▶ **EXERCISE PROMPT**: Copy all records verbatim, images excluded.

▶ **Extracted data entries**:

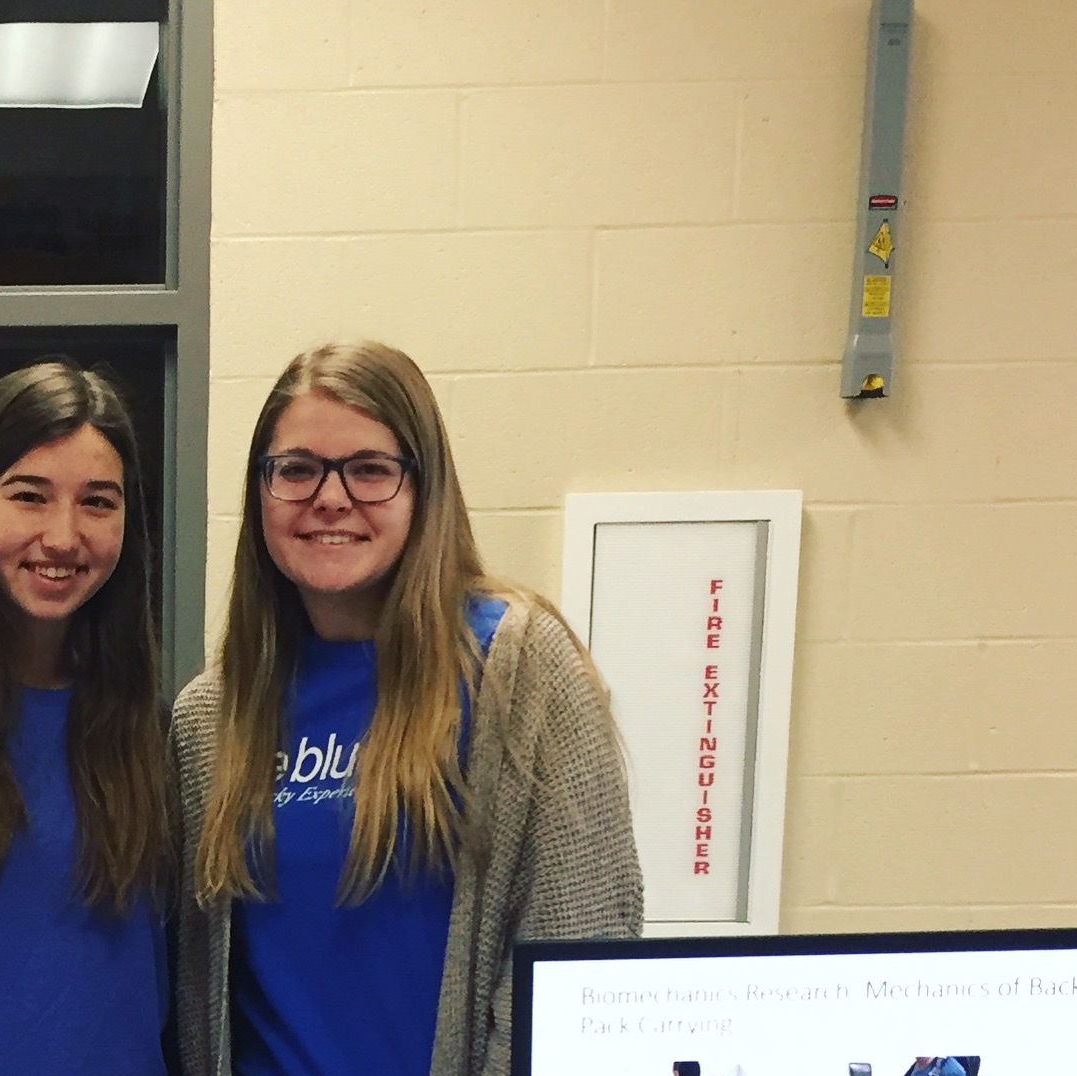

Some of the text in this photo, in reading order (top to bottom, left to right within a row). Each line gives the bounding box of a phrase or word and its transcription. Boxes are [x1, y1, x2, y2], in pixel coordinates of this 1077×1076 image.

[693, 578, 724, 876] FIRE EXTINGUISHER
[581, 985, 738, 1006] Biomechanics
[866, 979, 991, 1000] Mechanics
[997, 976, 1021, 998] of
[581, 1016, 733, 1038] Pack Carrying

▶ **SOLVED PROBLEM**:
Some of the text in this photo, in reading order (top to bottom, left to right within a row). Each line gives the bounding box of a phrase or word and its transcription. Boxes are [x1, y1, x2, y2], in pixel coordinates of this 1077×1076 image.

[693, 578, 724, 876] FIRE EXTINGUISHER
[581, 985, 738, 1006] Biomechanics
[866, 979, 991, 1000] Mechanics
[997, 976, 1021, 998] of
[581, 1016, 733, 1038] Pack Carrying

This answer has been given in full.